Prueba la siguiente configuración en su lugar

ans0_bis <- ergm(
  network_111 ~
    edges +
    nodematch("hispanic") +
    nodematch("female1") +
    mutual + 
    esp(0:3) + 
    idegree(0:10)
    ,
  constraints = ~bd(maxout = 19),
  control = control.ergm(
    seed        = 1,
    MCMLE.maxit = 15,
    parallel    = 4,
    CD.maxit    = 15,
    MCMC.samplesize = 2048*4,
    MCMC.burnin = 30000,
    MCMC.interval = 2048*4
    )
  )

Aumentar el tamaño de muestra, para que las curvas sean más suaves, intervalos más largos (adelgazamiento), lo que reduce la autocorrelación, y un quemado más grande. Todo esto junto para mejorar la estadística de prueba de Gelman. También agregamos idegree del 0 al 10, y esp del 0 al 3 para coincidir explícitamente con esas estadísticas en nuestro modelo.

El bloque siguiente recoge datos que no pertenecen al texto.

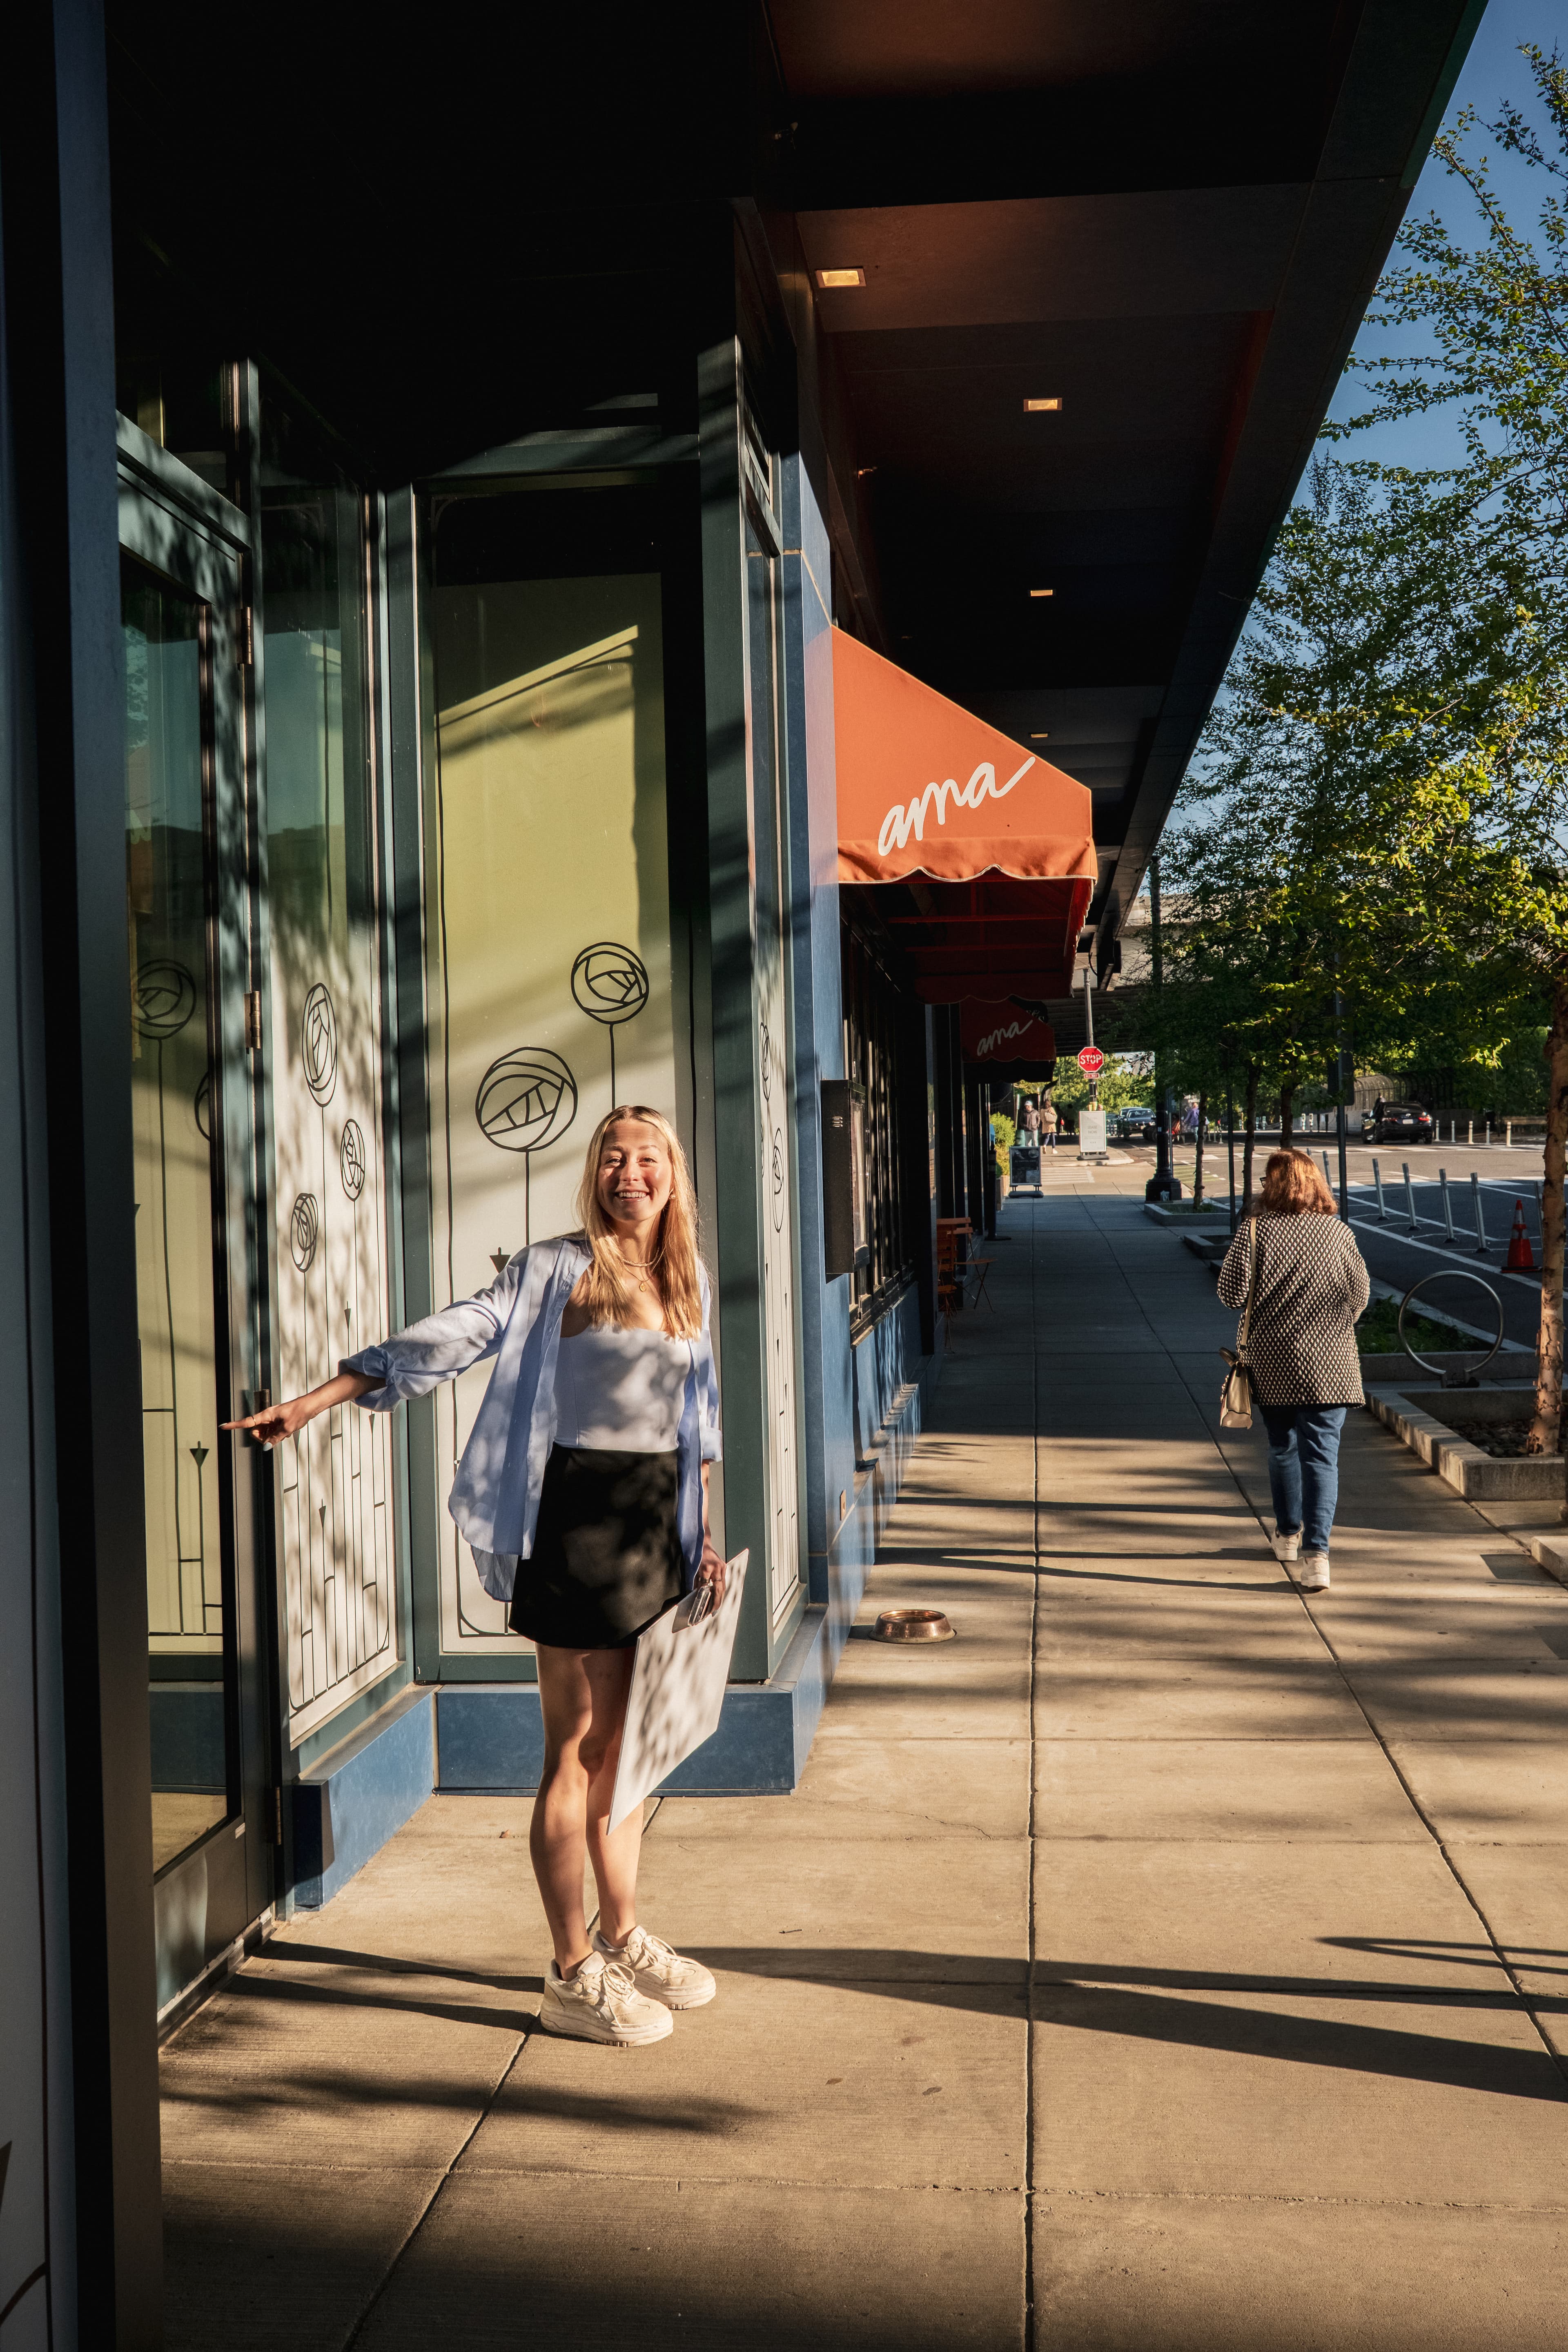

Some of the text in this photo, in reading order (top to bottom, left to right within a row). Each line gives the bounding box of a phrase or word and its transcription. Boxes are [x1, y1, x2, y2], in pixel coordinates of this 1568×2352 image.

[878, 757, 1036, 856] ama
[977, 1019, 1033, 1056] ama
[1080, 1054, 1102, 1065] STOP

Un ejemplo de un ERGM terrible (no hay convergencia en absoluto). También, un buen ejemplo de por qué ejecutar múltiples cadenas puede ser útil

Más sobre convergencia MCMC

Para más sobre este tema, recomiendo revisar capítulo 1 y capítulo 6 del Manual de MCMC (Brooks et al. 2011). Ambos capítulos están disponibles para descarga gratuita desde el sitio web del libro.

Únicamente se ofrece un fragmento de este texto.